NPO法人シーズネット理事長 奥田 龍人

新年を迎え、また歳を取りますね。歳を重ねても、新しい年には「今年こそは〇〇をやってみよう」と、思い描く人が多いのではないかと思います。私もいくつかの決意を新たにしますが、年末に振り返ると、やはり難易度の高い目標はだいたいが実現していません。とはいえ、チャレンジする気概は持ちたいものです。なにせ、来る年の干支の午(うま)は勢いや発展を象徴する干支らしく、新しいことにチャレンジする格好の年だそうですから。

さて、「歳をとると頑固になる」という説と、「歳をとると丸くなる」という説はよく聞くところです。まったく正反対の傾向をさしているのですが、果たしてどちらが正解だと思いますか?実はどちらもあてはまるようです。

心理学的な研究では、「頑固になる」というのは、加齢とともに認知機能の柔軟性がゆるやかに低下して新しいことを受け入れにくくなり、今まで身につけた行動様式を変えたくなくなる、というのが、はたから見て頑固に見えるそうです。何事につけても新しいやり方が次々と出てくるのは社会の進歩ではありますが、これまでのやり方に慣れていると、新しい変化を受け入れにくいことがあります。

一方、「丸くなる」というのは、人生経験を積む中で人間関係のトラブルを避ける方法を身に着け、一歩下がって無駄な争いを回避する知恵がついてくるからのようです。また、子育てや仕事のプレッシャーもなくなることから丸くなるともいわれています。

そのように、頑固になることと丸くなることはシニアの皆さんがあわせもっている傾向なのでしょう。

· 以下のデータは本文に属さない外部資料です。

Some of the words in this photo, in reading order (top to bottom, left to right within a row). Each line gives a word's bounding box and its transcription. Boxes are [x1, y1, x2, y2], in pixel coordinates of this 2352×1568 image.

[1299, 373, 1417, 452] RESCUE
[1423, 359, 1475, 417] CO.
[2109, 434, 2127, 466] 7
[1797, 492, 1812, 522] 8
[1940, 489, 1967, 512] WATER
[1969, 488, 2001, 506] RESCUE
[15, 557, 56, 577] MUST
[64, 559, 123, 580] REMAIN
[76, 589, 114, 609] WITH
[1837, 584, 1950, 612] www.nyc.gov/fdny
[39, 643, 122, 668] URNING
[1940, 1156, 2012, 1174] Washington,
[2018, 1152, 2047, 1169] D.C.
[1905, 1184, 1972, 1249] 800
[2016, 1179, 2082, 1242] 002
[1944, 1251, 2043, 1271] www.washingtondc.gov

ただ、これからの人生を考えると、丸くなる場面が多くなることを目指したいところです。慣れ親しんできた昭和の価値観はいとおしく良いところもあるのですが、令和の時代に即した価値観を受け入れる「丸さ」も必要だと思います。

その秘訣は、新しいことを受け入れる柔軟性を持つことです。自分の中にある「こだわり」が譲れないこだわりか、生活様式上のさして影響のないこだわりか見直して、譲れないこだわりは堅持しつつも、ちょっと丸く生きることを考えたいものです。

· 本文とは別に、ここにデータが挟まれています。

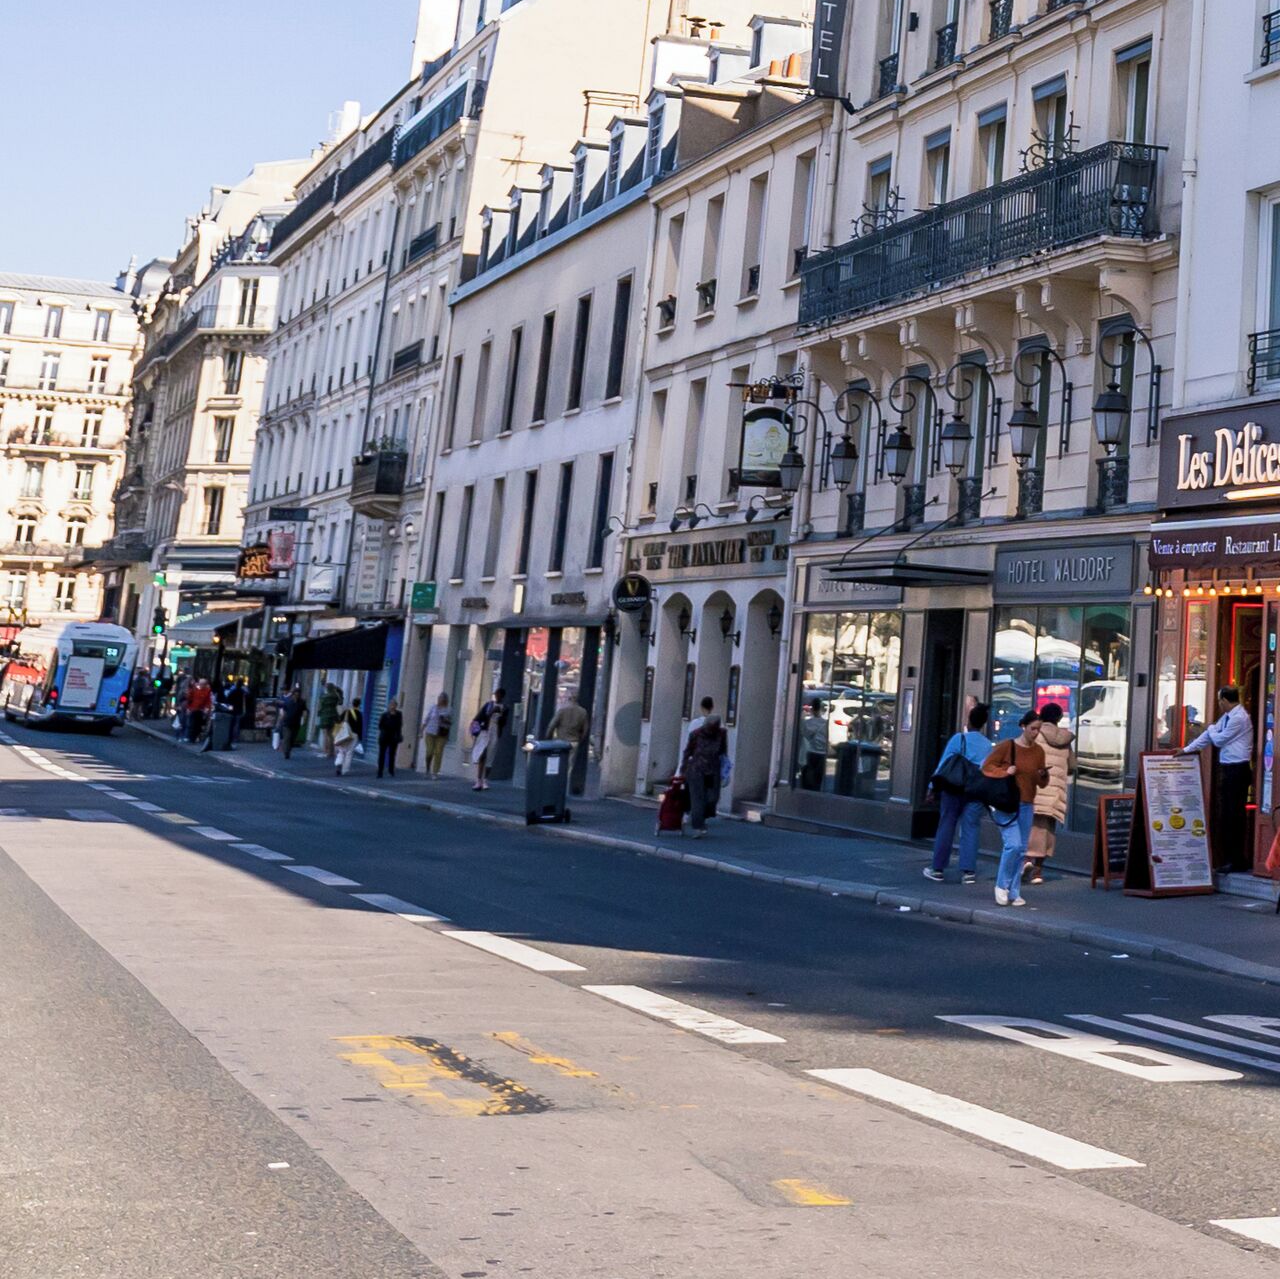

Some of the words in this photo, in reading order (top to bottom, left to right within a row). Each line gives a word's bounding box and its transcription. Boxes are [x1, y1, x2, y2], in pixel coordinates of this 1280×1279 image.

たとえば、コンプライアンスやハラスメントなどひと昔前にはなかった言葉ですが、昭和の頃の好ましくない習慣に意義を申し立てたものと言えるでしょう。ハラスメントだけでも、パワハラ、セクハラ、モラハラ、カスハラ、アカハラ、マタハラなどあり、他にもダイバーシティ、インクルージョン、ジェンダー、クィア、ルッキズム、メンタルヘルス、ワークライフバランスなど、価値観や人権に関する新しい言葉が続々と使われるようになってきています。これらは、より好ましい関係づくりを進める中で生まれてきたものです。そのような新しい行動様式をやんわりと受け入れる柔軟性を持ちたいものです。こういうことへの理解も新年のチャレンジにしたいですね。

なお、文中で多く使用したカタカナ語は、主に英語をそのままカタカナにしたものです。今月から、そのように巷にあふれているカタカナ語やアルファベット文字(ICT、AIなど)を解説するコラムを通信の片隅に新しく設けましたので、そちらもぜひご覧ください。文中で使用した言葉もそのうち解説したいと思います。